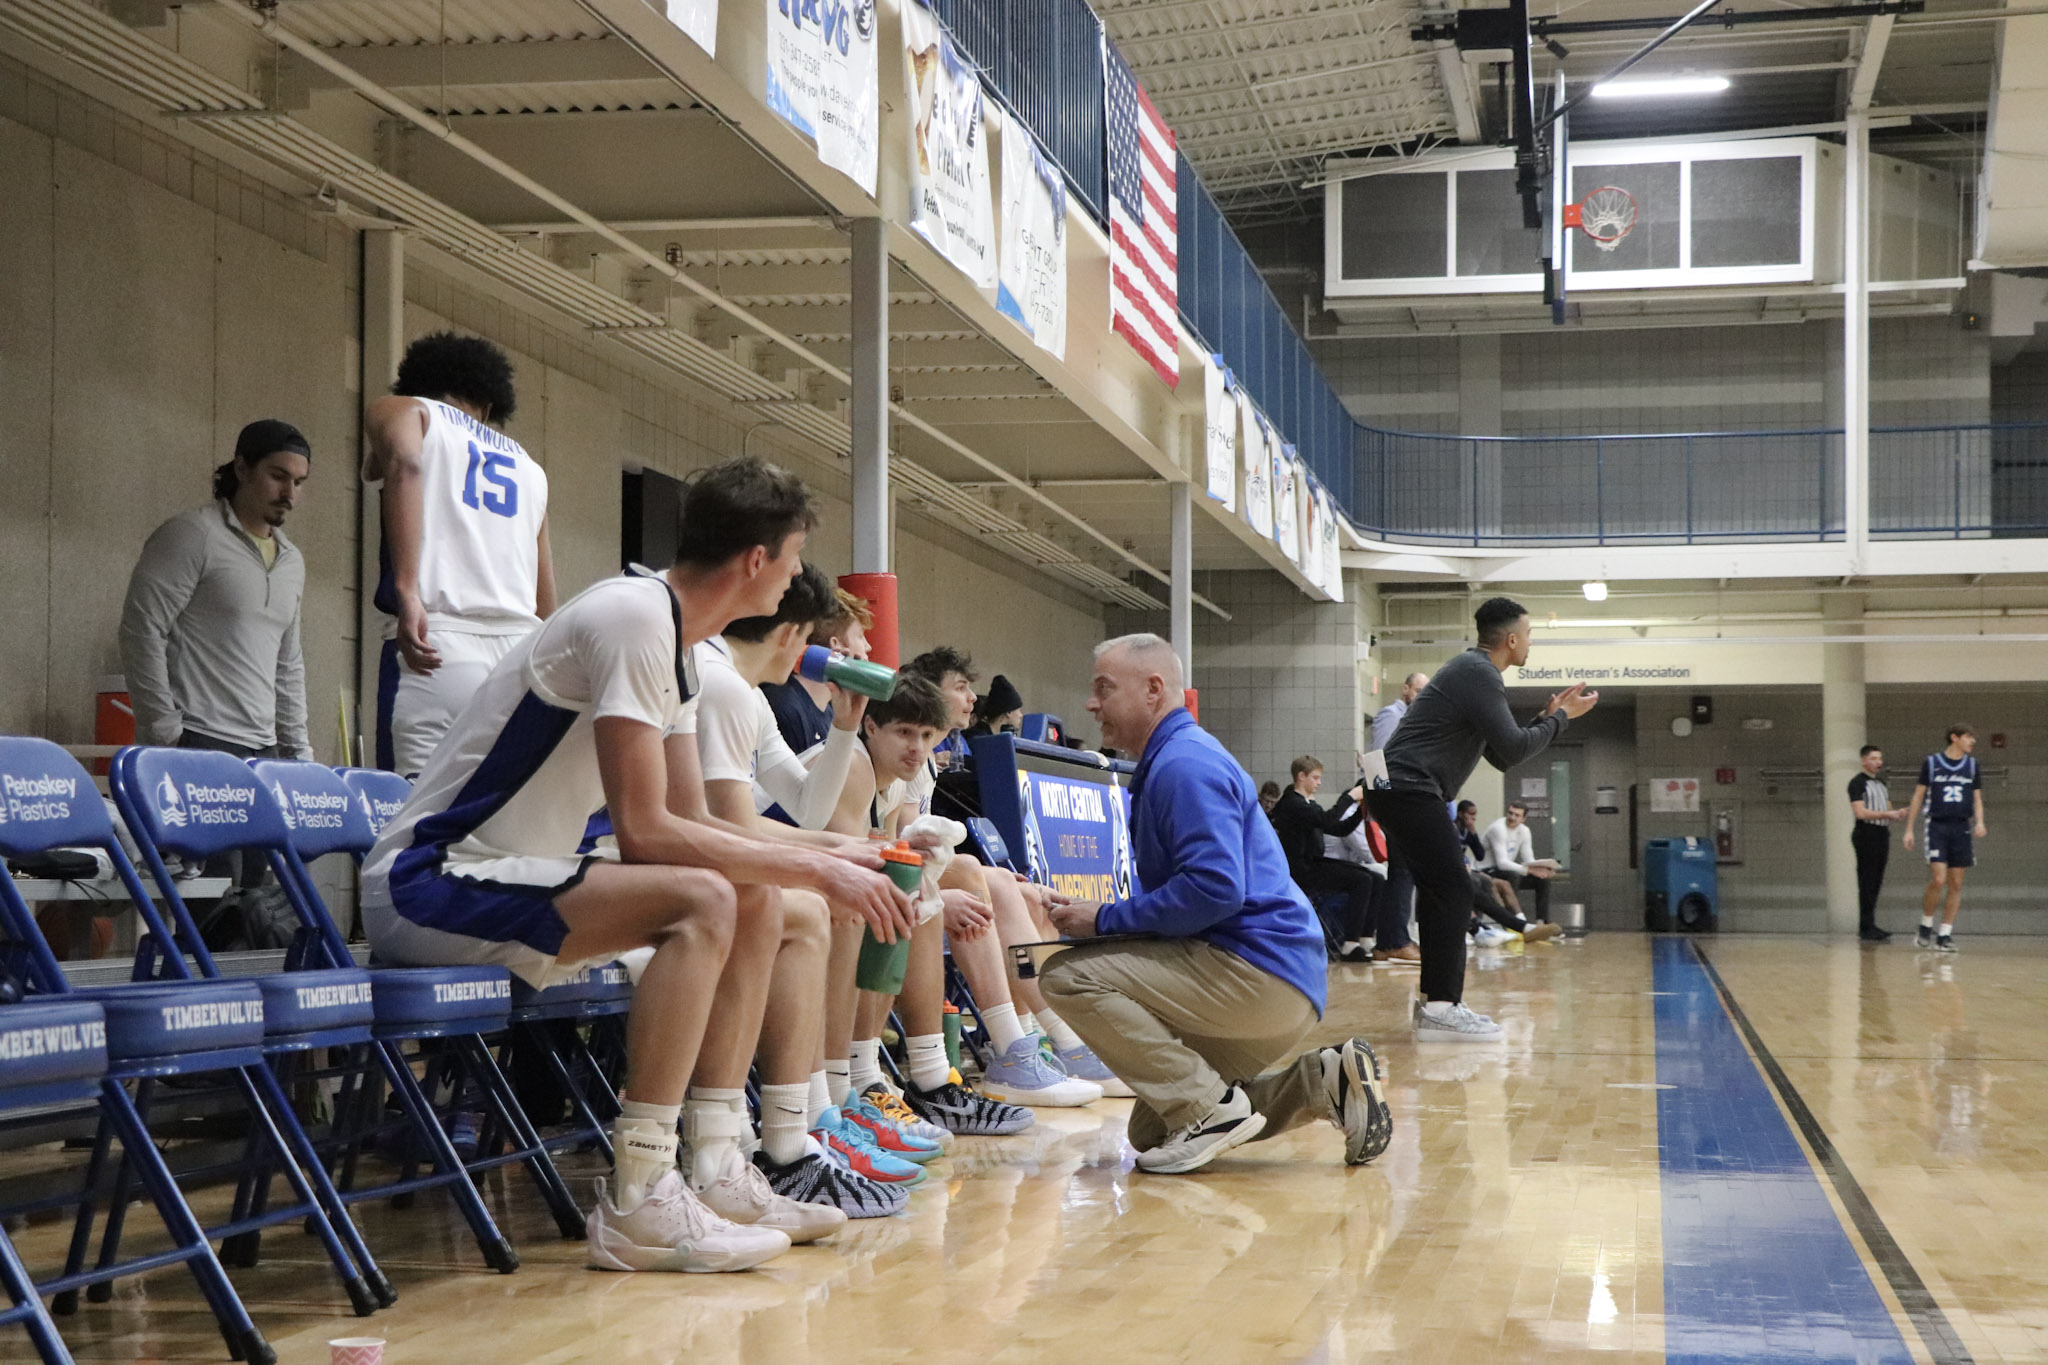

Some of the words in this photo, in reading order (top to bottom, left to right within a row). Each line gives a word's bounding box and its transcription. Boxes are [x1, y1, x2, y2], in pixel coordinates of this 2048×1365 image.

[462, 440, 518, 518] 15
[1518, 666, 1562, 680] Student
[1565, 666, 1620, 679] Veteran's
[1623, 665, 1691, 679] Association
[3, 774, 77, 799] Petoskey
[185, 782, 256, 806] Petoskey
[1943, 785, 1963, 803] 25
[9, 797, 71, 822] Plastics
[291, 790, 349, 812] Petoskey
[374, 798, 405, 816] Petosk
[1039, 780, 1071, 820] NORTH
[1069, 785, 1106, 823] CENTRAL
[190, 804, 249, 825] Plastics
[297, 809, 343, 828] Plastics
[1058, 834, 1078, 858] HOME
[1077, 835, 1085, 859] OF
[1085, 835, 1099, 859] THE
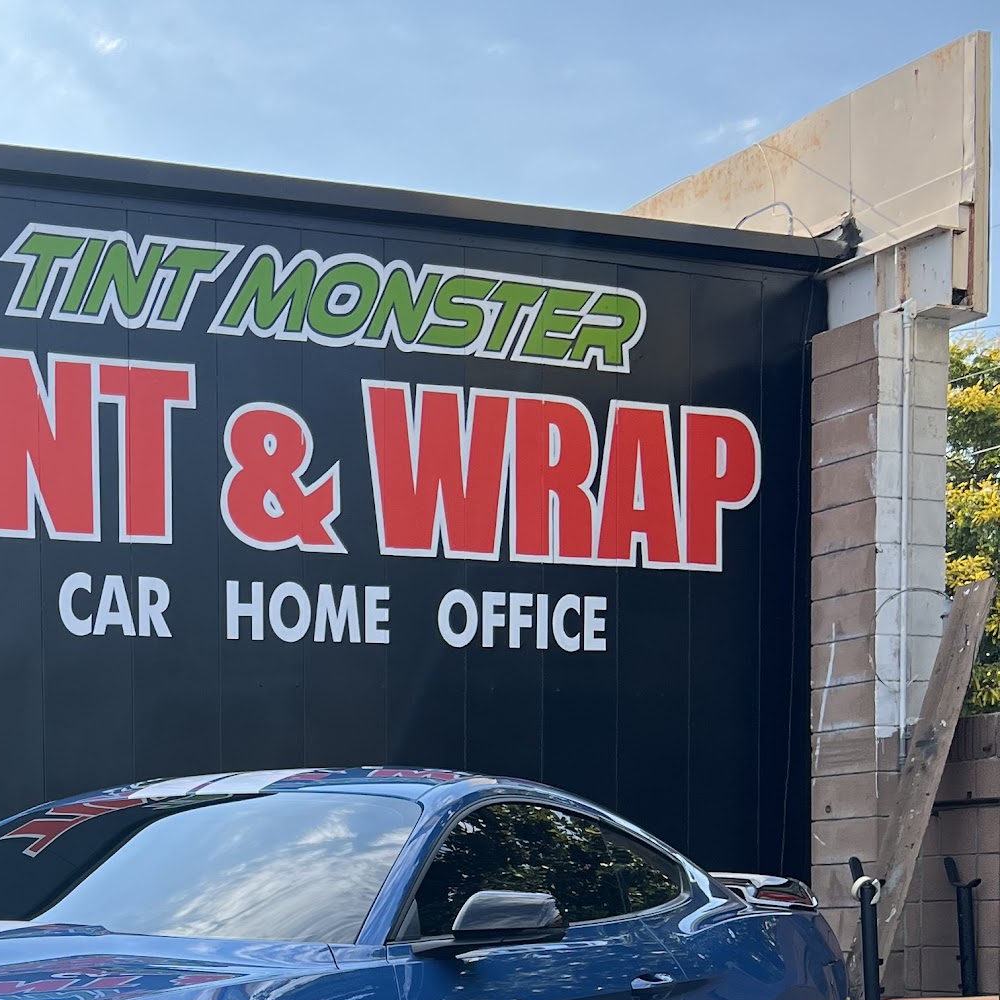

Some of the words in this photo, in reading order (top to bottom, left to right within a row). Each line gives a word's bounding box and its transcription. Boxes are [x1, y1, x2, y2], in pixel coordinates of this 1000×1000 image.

_Action item_
Give back each entry verbatim but drop its pictures.

_Written solution_
Some of the words in this photo, in reading order (top to bottom, left to right within a row). Each line gives a word's bounding box and its transcription. Boxes are [x1, y1, x2, y2], in pixel coordinates of this 2048×1365 image.

[462, 440, 518, 518] 15
[1518, 666, 1562, 680] Student
[1565, 666, 1620, 679] Veteran's
[1623, 665, 1691, 679] Association
[3, 774, 77, 799] Petoskey
[185, 782, 256, 806] Petoskey
[1943, 785, 1963, 803] 25
[9, 797, 71, 822] Plastics
[291, 790, 349, 812] Petoskey
[374, 798, 405, 816] Petosk
[1039, 780, 1071, 820] NORTH
[1069, 785, 1106, 823] CENTRAL
[190, 804, 249, 825] Plastics
[297, 809, 343, 828] Plastics
[1058, 834, 1078, 858] HOME
[1077, 835, 1085, 859] OF
[1085, 835, 1099, 859] THE

Some of the words in this photo, in reading order (top to bottom, left to right within a row). Each line gives a word's bounding box and its transcription. Boxes are [x1, y1, x2, y2], in pixel coordinates of this 1000×1000 image.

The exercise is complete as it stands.